Капитан Михалис дернул за поводья, направив кобылу к воротам.

– Подумай, Манусакас, над тем, что я тебе сказал, хорошенько подумай, когда останешься один, и поступай, как совесть тебе подскажет. Вот и все. Будь здоров.

– Да куда ты, оглашенный?! Слезай, пообедаешь с нами! А то и заночуешь. Дом большой, места всем хватит. Племянников ты уж сколько не видал, да и Христина будет рада. А потом первого моего внука тебе покажу. Я решил назвать его Лефтерисом[31], может, хоть он дождется свободы.

– Не могу, спешу. Всем привет от меня.

– Что, даже с отцом не повидаешься?

– Говорю – времени нет. Завтра с утра много дел.

– Вот ослиная голова! Ничем его не сдвинешь! Ну ладно, езжай с Богом!

Капитан Михалис, пригнувшись, выехал из ворот. Разговором с братом он остался доволен: поговорили как мужчина с мужчиной. Если б не боязнь уронить себя, непременно бы обнял брата напоследок. Родная душа: выплеснет свой гнев, коли приспичило, а там хоть трава не расти!

Как молния летел капитан Михалис к городу, и душа у него пела. В очередной раз он убедился, что не посрамит Манусакас свой род.


Солнце клонилось к закату. Соседки, едва прослышав, что капитана Михалиса целый день не будет дома, собрались у него во дворе – кто с шитьем, кто с вязаньем, кто с целебными травами, собранными в поле. Пришли кира Пенелопа, Хрисанфи, сестра Поликсингиса, Катиница, Мастрападена. Настроение у всех было приподнятое: нынче суббота, можно отдохнуть, вволю наговориться. Слава Всевышнему, что дал людям воскресенье!

– Слыхали новости? – начала певучим голосом Катиница. – Прошлой ночью у Фурогатоса дом ходуном ходил. Никак опять жена беднягу поколотила.
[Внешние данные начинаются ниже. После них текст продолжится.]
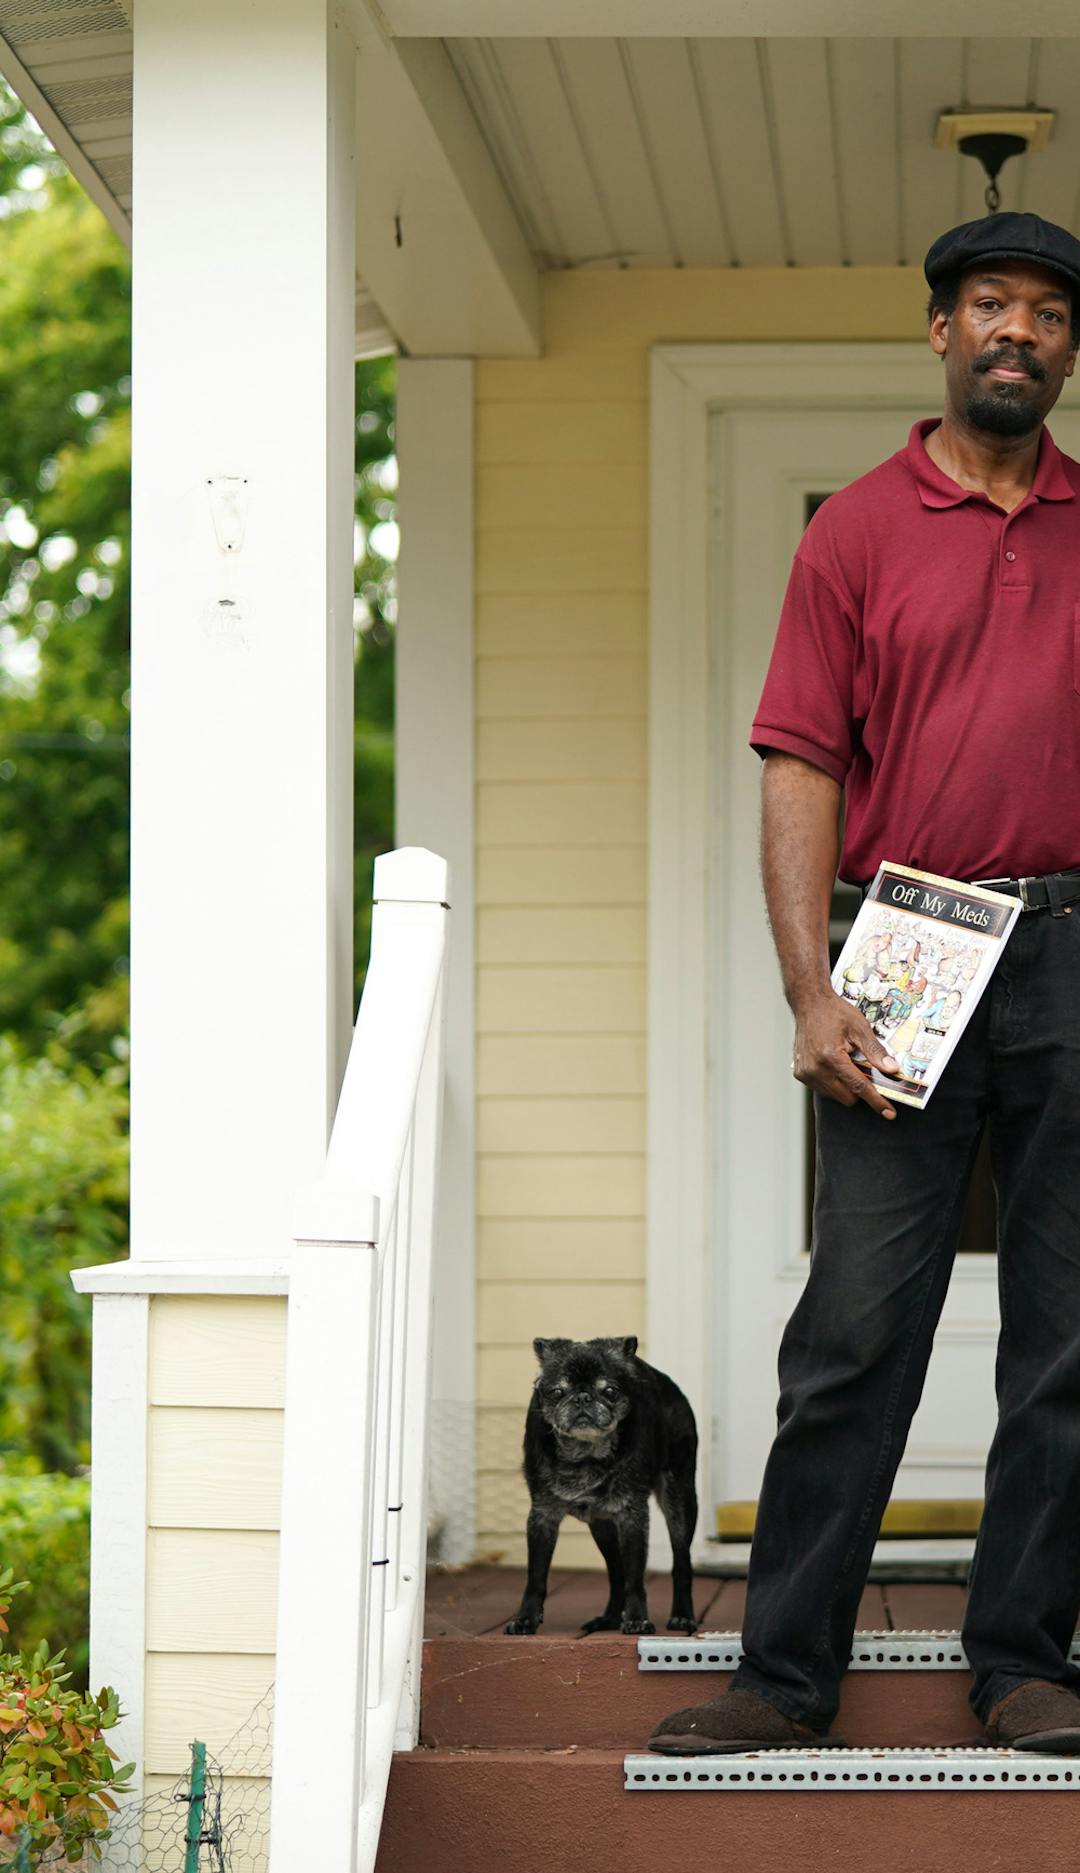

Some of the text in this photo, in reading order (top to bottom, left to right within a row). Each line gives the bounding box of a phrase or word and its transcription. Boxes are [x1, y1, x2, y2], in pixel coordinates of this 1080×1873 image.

[892, 885, 990, 927] Off My Meds
– Вот позор-то! – подхватила кира Пенелопа. – А поглядеть на его усы, подкрученные да нафабренные, так кажется, мужчина хоть куда. Моему бы Димитросу такие усы.
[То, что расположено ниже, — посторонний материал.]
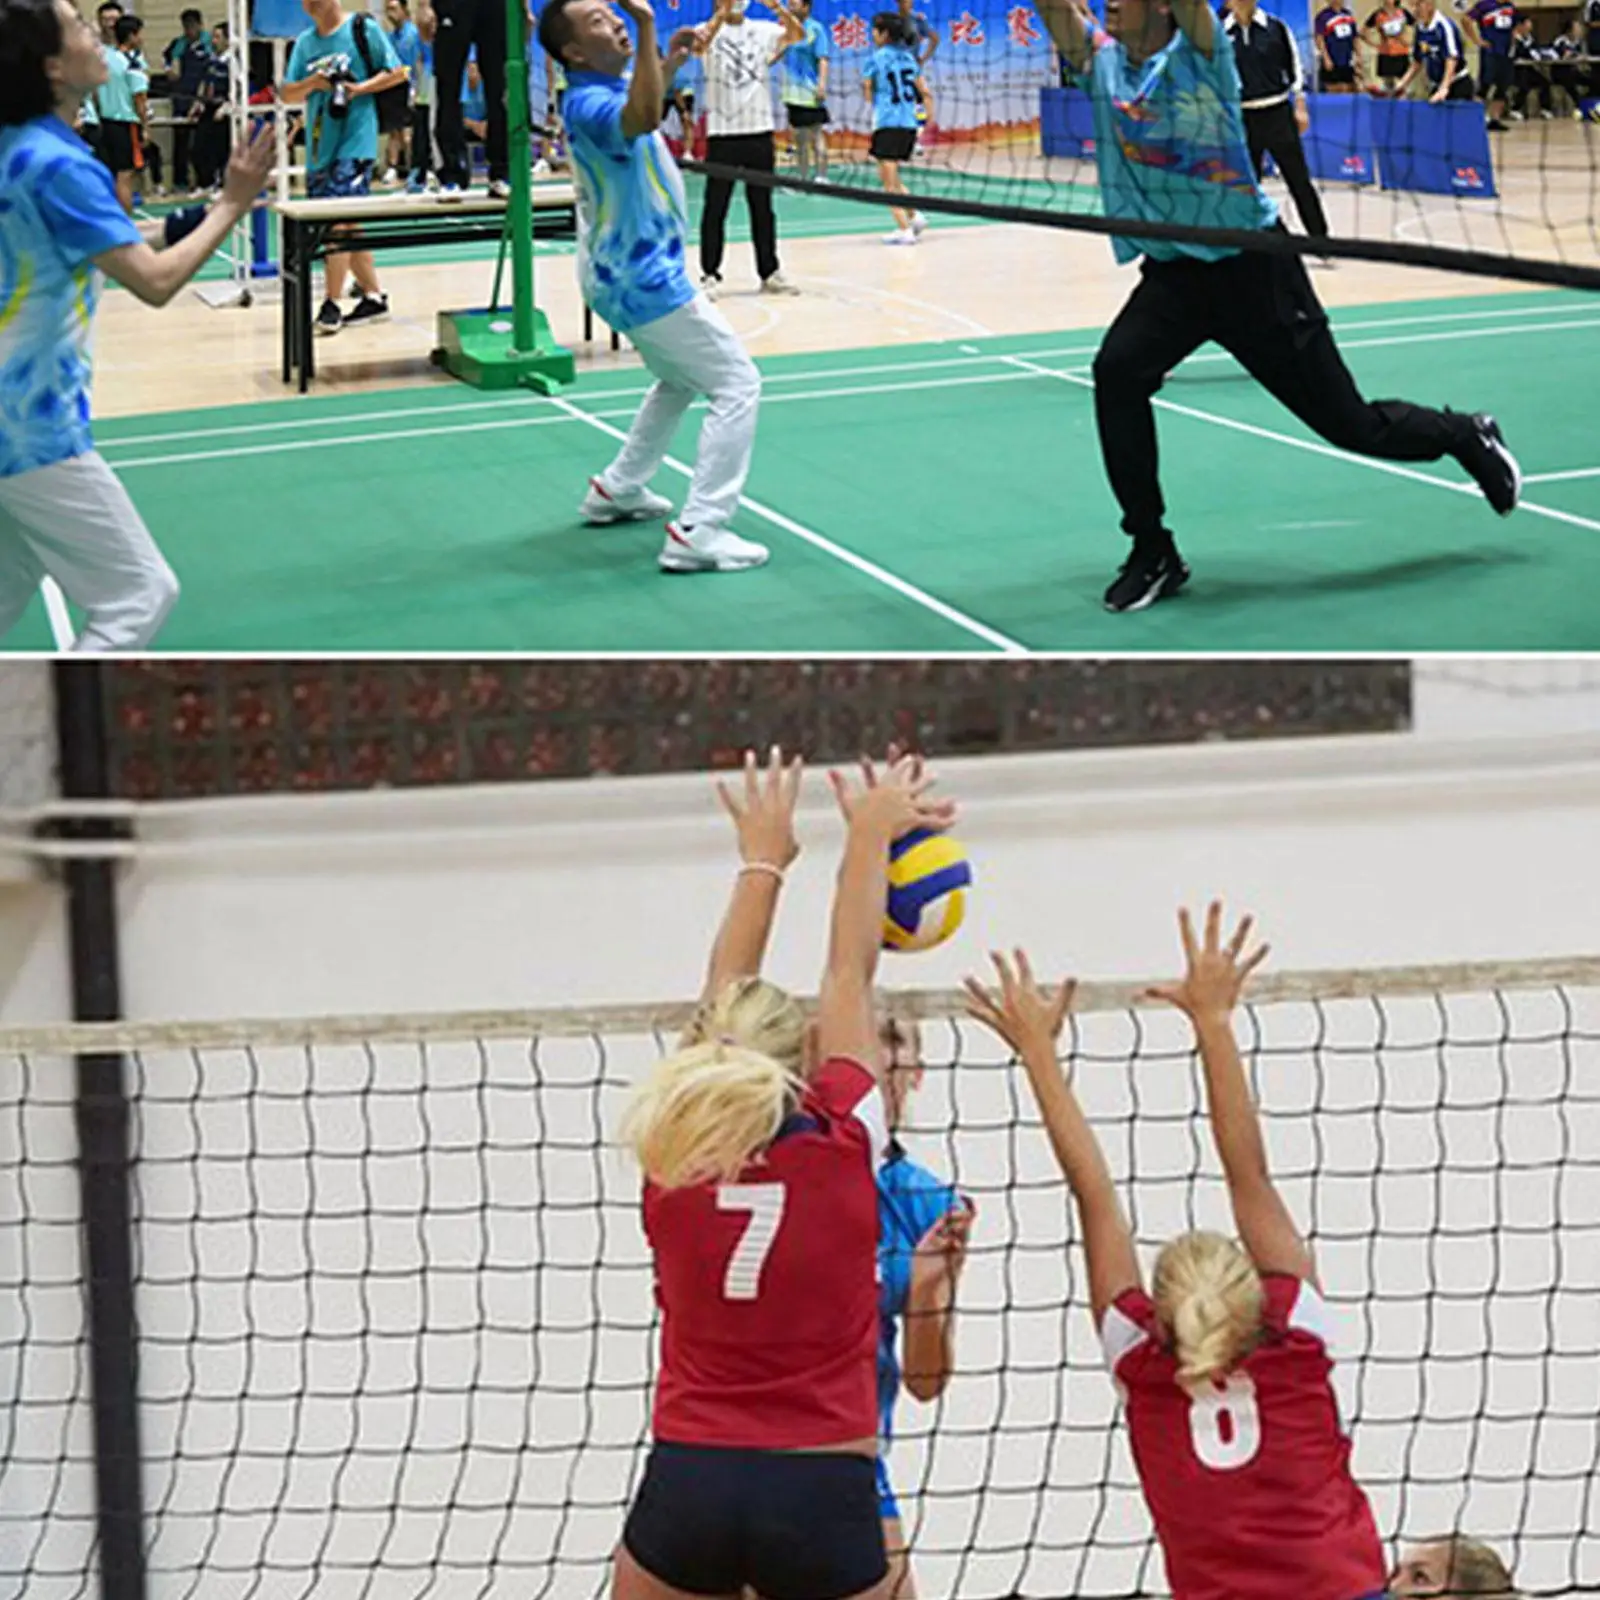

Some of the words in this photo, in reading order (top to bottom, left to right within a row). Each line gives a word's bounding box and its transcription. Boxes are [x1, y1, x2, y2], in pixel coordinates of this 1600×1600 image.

[886, 68, 923, 105] 15
[716, 1181, 786, 1299] 7
[1178, 1367, 1261, 1470] 8
– Нет, пусть бы лучше жене усы-то отдал, а сам бы юбку ее нацепил, – предложила Мастрападена, та самая, что на ночь привязывала своего мужа за ногу к кровати.

– Как же он кричал, сердечный! – улыбнулась кира Хрисанфи. – Весь квартал перебудил. Мой брат как раз возвращался домой и слышал весь этот тарарам. А нынче утром встретил Фурогатоса и хотел его пристыдить: «Ну как ты, друг Фурогатос, позволяешь бабе себя колотить? Неужто не можешь ответить ей, как подобает мужчине? Ведь ты весь род мужской позоришь! Нас, мужиков! Как тебе не стыдно?» А тот знаете что ответил? «Стыдно, – говорит, – капитан Поликсингис, страсть как стыдно! Но только мне нра-а-авится!»
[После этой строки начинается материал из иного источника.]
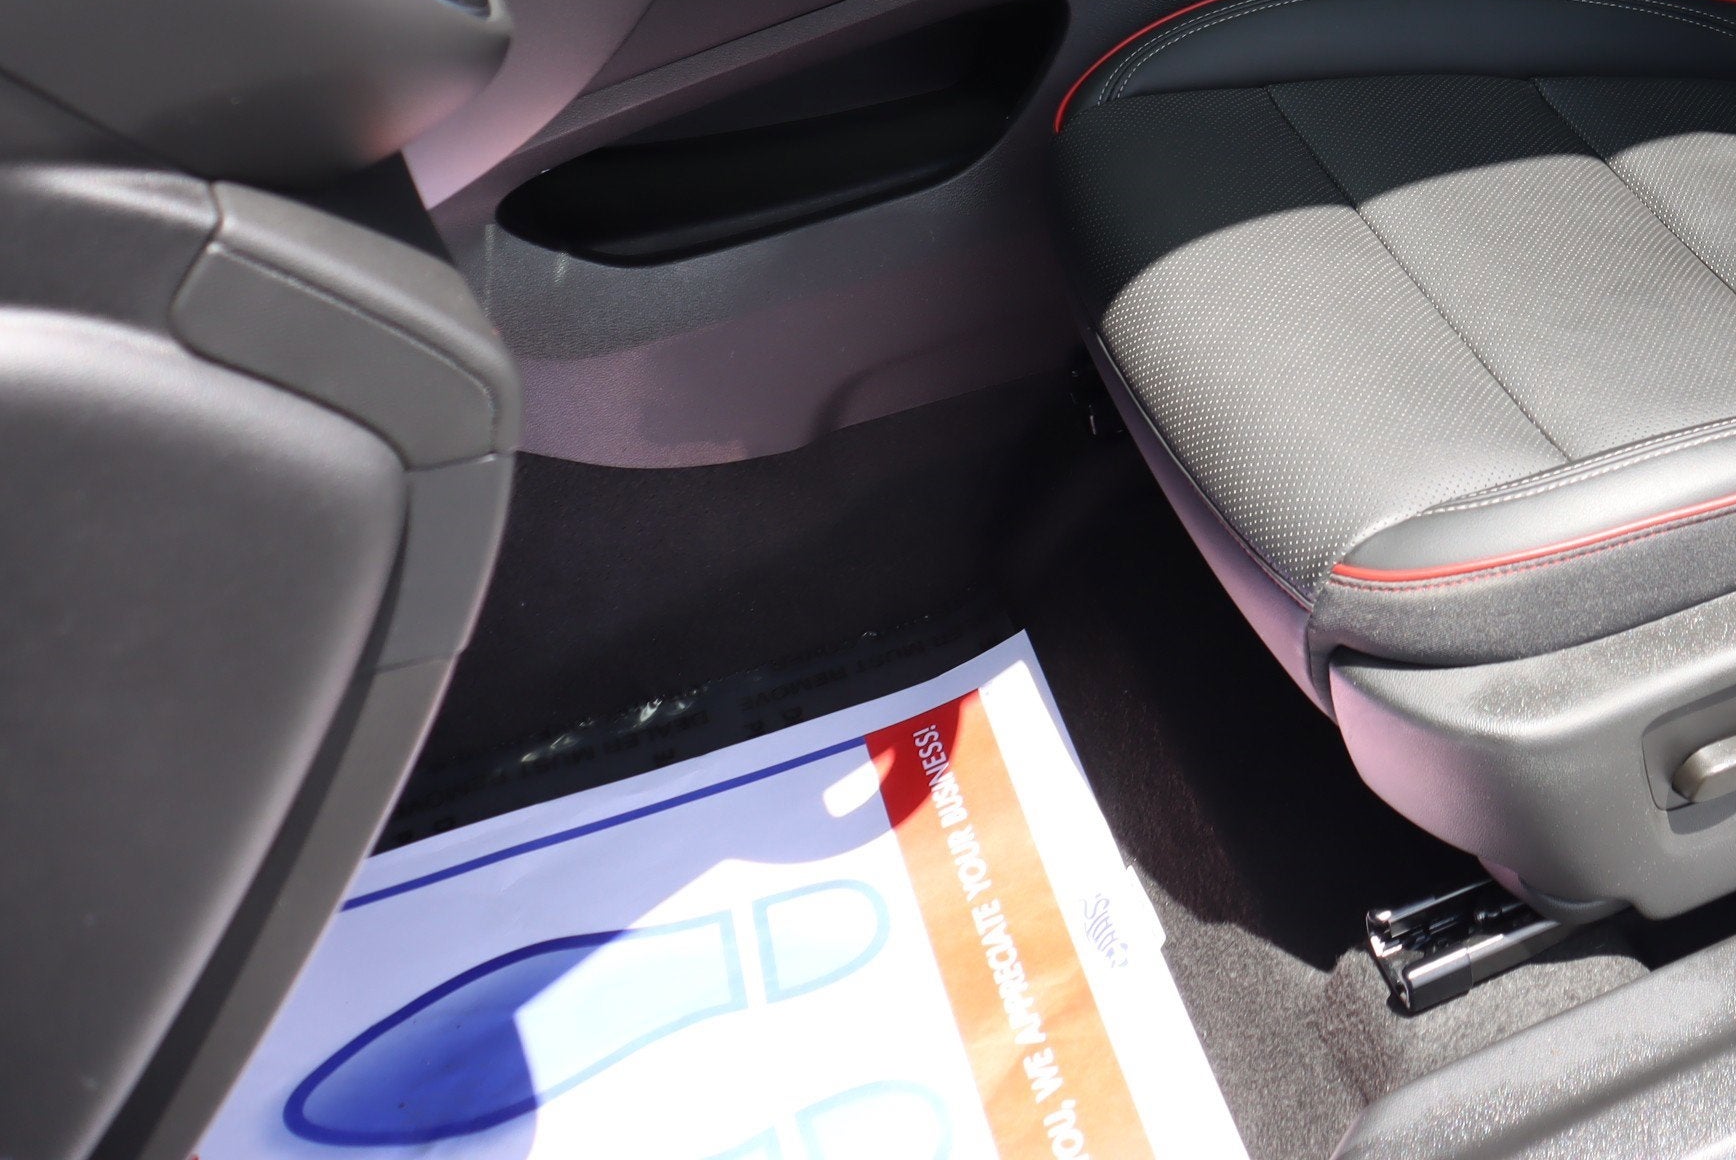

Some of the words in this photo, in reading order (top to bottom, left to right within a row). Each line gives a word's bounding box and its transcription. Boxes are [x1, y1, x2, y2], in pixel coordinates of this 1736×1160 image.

[912, 724, 968, 829] BUSINESS!
[947, 824, 993, 903] YOUR
[971, 898, 1047, 1045] APPRECIATE
[1022, 1046, 1065, 1104] WE
Соседки залились хохотом. Риньо тем временем подала угощение: кофе, варенье, бублики с кунжутом. И тут, по заказу, в ворота вошел сосед Али-ага с чулком и спицами. На плечи наброшена зеленая шаль, подарок Риньо. Лицо бритое, сам весь чистенький, аккуратный – от заплатанной рубахи до шлепанцев, из которых торчат тоненькие ножки.

Кира Катерина поднялась из-за стола.

– Добро пожаловать, сосед! Милости просим на чашечку кофе!

– Спасибо, кира Катерина, дай тебе Аллах здоровья, – отозвался Али-ага, по-турецки раскланиваясь с женщинами. – Я только что пил – с вишневым вареньем да с бубликом.

– Ну, не беда, соседушка, лишняя чашка не повредит, уж выпей за компанию, – загомонили женщины. Все знали, что Али-ага хоть и нищий, но гордый. Никакого кофе, варенья, бубликов у бедолаги, конечно же, не было. Жил он впроголодь, при одном упоминании о еде у него слюнки текли. И соседки нарочно его этим поддразнивали.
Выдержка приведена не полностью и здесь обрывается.